Ultrasound imaging is a noninvasive and immediate tool used to visualize tissues; however, unlike X-Rays it does not penetrate bone structures.
Many individuals unfamiliar with ultrasound may be confused by its terminology; their first time going for an ultrasound scan may feel like reading hieroglyphics!
Definition
New mothers may feel anxious when receiving their first ultrasound, and its meaning can often seem incomprehensible. AO scans provide relief; unlike traditional ultrasounds, they combine over 120,000 frequencies to find and identify “biomarkers”, providing vital clues into health conditions that might not otherwise be apparent through an ultrasound alone.
The Aorta is often the site for abdominal aortic aneurysms (AAA). Measuring them accurately can be challenging due to variations in anatomy as well as sonography equipment limitations.
An amateur sonographer might mistakenly identify the spinal canal as the aorta if their monitor is set at an inappropriate depth (Figure 5). Knowing anatomy and making adjustments accordingly should prevent such errors from happening.
One error that can easily occur, particularly with thin patients, is failing to accurately identify and measure LA:Ao in a lateral paralumbar view. For this measurement, the transducer should be placed caudal to the left 13th rib and angled cranially so as to visualize the left kidney; then CVC and aorta diameters can be visualized parallel with each other before being measured perpendicularly to vessel walls.
Diagnosis
Diagnosing aortic conditions such as abdominal aortic aneurysm (AAA) and dissection can be challenging when symptoms are not immediately visible, making diagnosis all the more critical when they can lead to fatality (Kent). Point-of-care ultrasound can be a useful tool in this regard when used properly for rapid diagnosis.
Point-of-care ultrasound does have some restrictions and must be performed carefully when diagnosing high-risk vascular emergencies such as aortic diseases. Novice sonographers may misidentify thin patients’ aorta by obtaining images at inappropriate depth (Figure 5). Knowledge of anatomy and setting the probe to the proper depth are ways to avoid operator error in this scenario.

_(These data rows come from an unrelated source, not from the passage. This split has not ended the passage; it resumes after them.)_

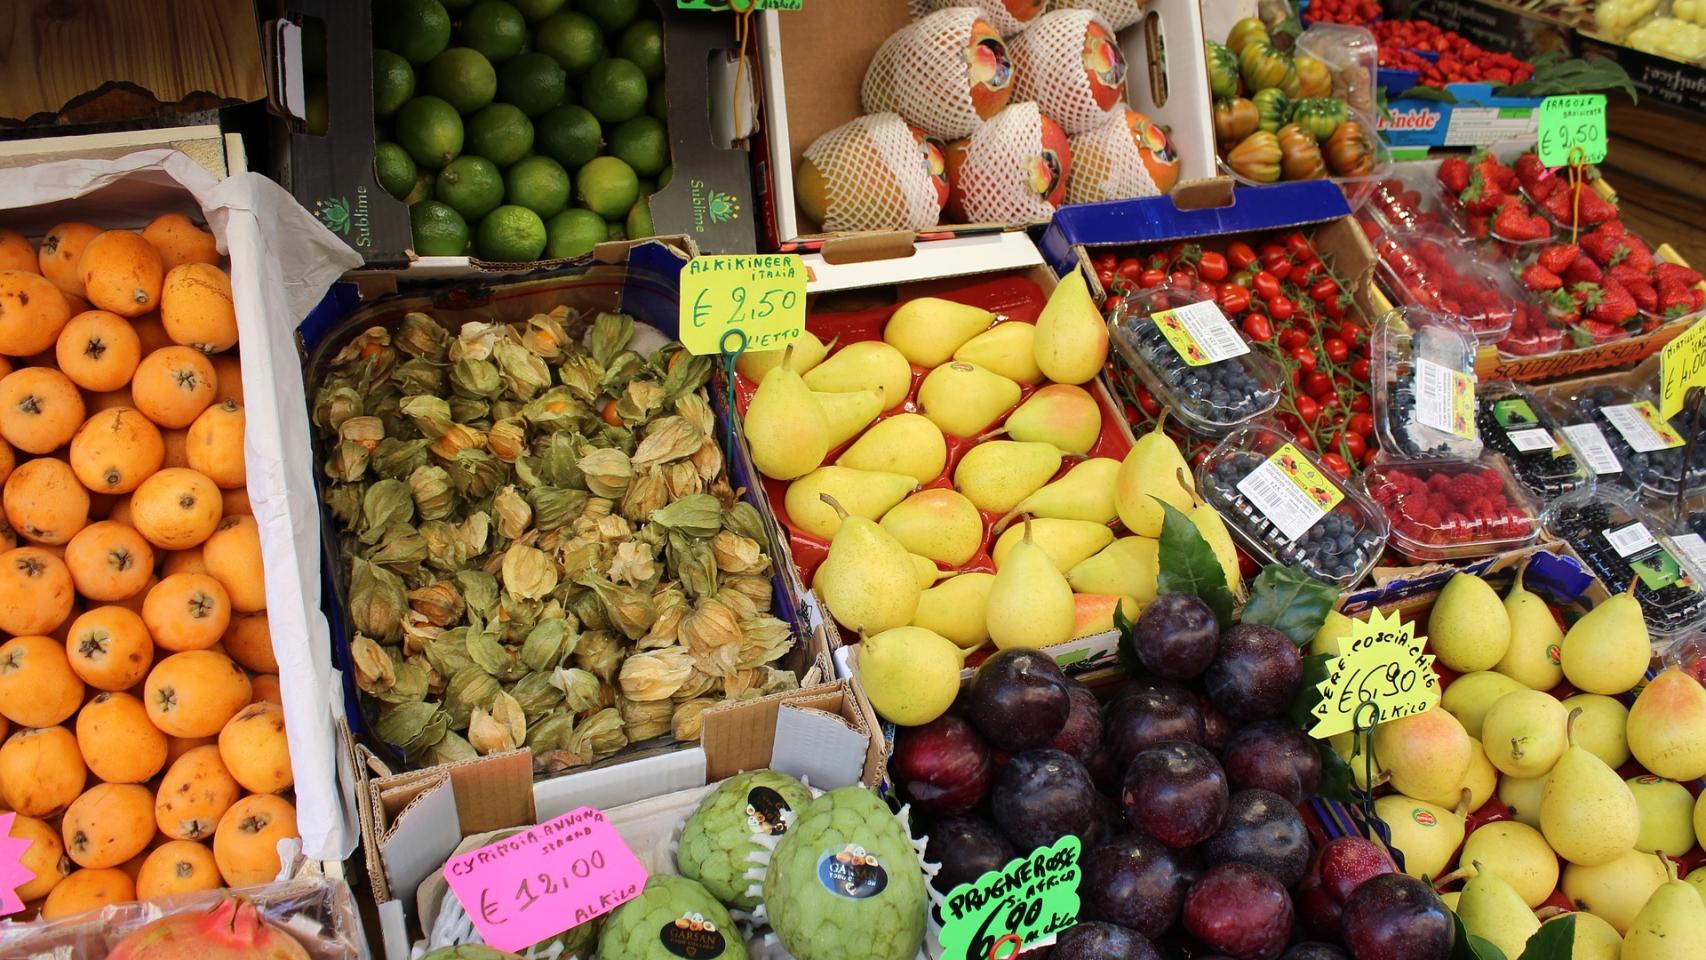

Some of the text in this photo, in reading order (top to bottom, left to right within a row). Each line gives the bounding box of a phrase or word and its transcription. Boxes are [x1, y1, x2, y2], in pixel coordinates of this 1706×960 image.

[1559, 125, 1599, 149] 2,50
[354, 186, 372, 248] Sublime
[691, 179, 706, 233] Sublime
[693, 286, 797, 328] € 2,50
[1494, 341, 1646, 379] SOUTHERN SUN
[481, 850, 606, 925] € 12,00
[670, 928, 717, 945] GARSAN
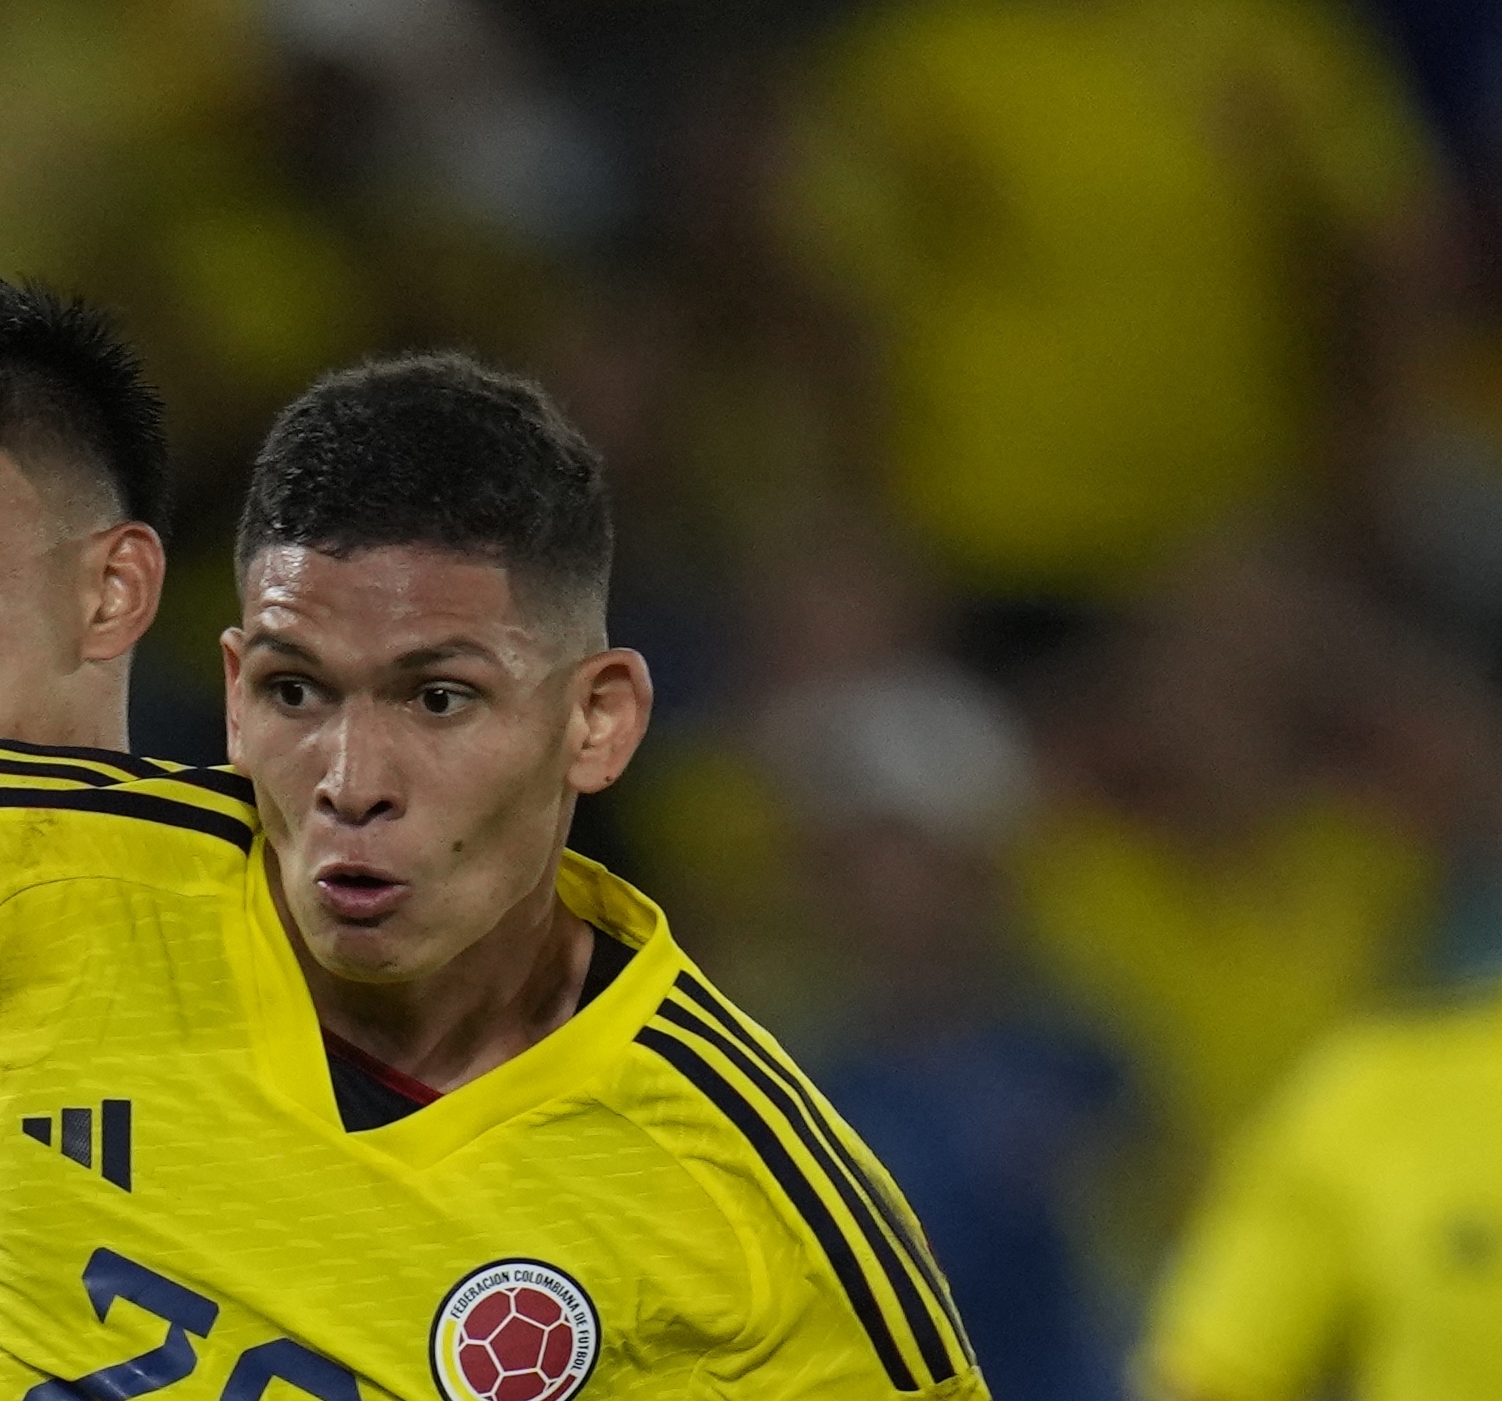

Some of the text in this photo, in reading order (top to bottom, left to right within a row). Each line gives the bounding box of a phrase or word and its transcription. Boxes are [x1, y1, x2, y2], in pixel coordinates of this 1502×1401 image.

[450, 1269, 590, 1371] FEDERACION COLOMBIANA DE FUTBOL

Point-of-care ultrasound alone may not be sufficient to detect all features of aortic disease, including mural thrombus formation; thus other diagnostic modalities should be utilized when evaluating patients suspected of having aortic disease in order to reach a definitive diagnosis. Notwithstanding these limitations, point-of-care ultrasound remains an invaluable diagnostic tool that should form part of any clinician’s arsenal.
Treatment
An AO scan is a noninvasive, painless technique that utilizes biofeedback from your body to locate areas with low energy. While ultrasounds only capture images through bone structures, frequency optimization allows the AO scanner to see deeper into organ layers as well as measure biomarkers within your system – the results from which will then be used by physicians for developing treatment plans based on this scan.
Point-of-care ultrasound (POCUS) can assist in quickly diagnosing high-risk vascular emergencies such as abdominal aortic aneurysm (AAA) and aortic dissection – potentially life-threatening conditions, with nonspecific symptoms that are difficult to distinguish from one another – quickly. A speedy diagnosis is essential. POCUS allows medical providers to quickly identify these conditions accurately.

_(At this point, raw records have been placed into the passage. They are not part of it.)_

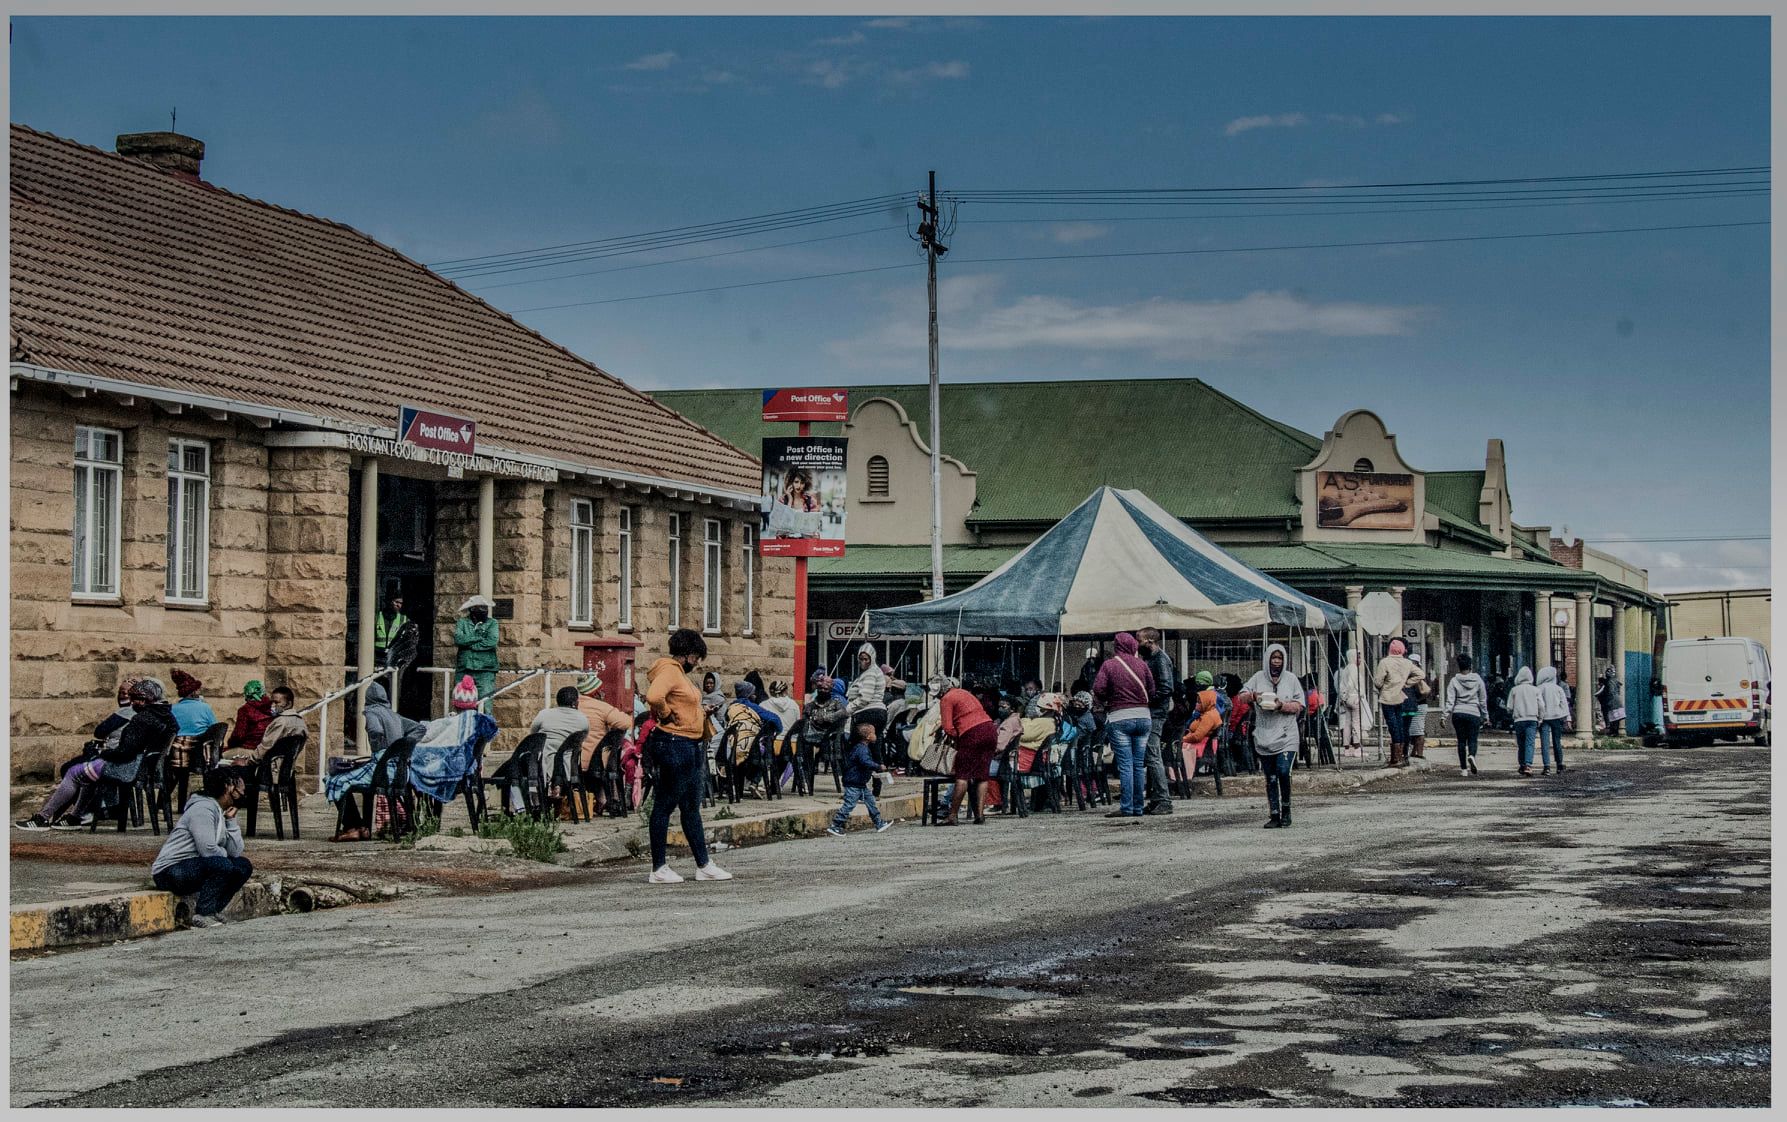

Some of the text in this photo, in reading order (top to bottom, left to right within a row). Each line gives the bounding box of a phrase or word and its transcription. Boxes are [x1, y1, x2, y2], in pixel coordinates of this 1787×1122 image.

[420, 423, 459, 443] Post Office
[429, 448, 482, 471] CLOCOLAN
[493, 457, 515, 476] POST
[804, 453, 843, 461] direction
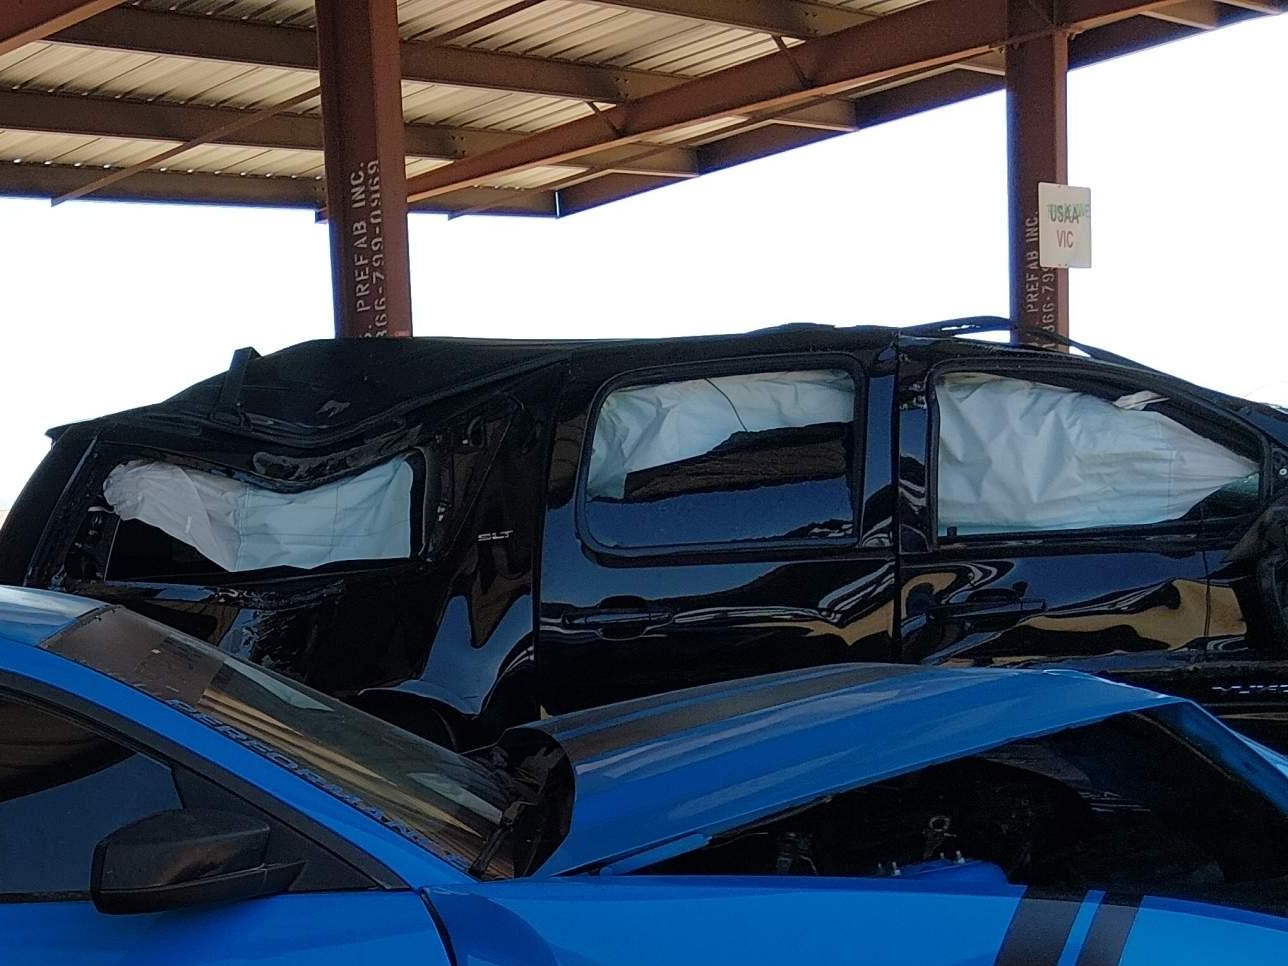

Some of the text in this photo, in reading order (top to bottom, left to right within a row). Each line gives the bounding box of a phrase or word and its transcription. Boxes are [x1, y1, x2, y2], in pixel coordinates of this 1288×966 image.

Point-of-care ultrasound allows physicians to image the aortic arch (Ao) using a transverse short-axis view with a high frequency ultrasound transducer placed over the occiput. Imaging typically occurs while lying supine; however, certain patients may require testing with them lying prone for optimal results.
Radiologists can then interpret and provide their interpretation. If an aortic arch is narrow or dilated, medications and physical therapy may help treat its condition; in more serious cases, surgery may be recommended which involves resecting or fusing bone ends together.
Your doctor will ask about your symptoms and conduct a physical exam to check for past injuries and listen to how the joint moves. They may even suggest corticosteroid injections to decrease inflammation and swelling.
Arthritis is one of the leading causes of Ao, with it most frequently impacting those over 50 and women who participate in physically demanding activities, like tennis or running. Without treatment, Ao may worsen over time and lead to significant disability; furthermore it may even be associated with certain diseases or illnesses, including coronary artery disease.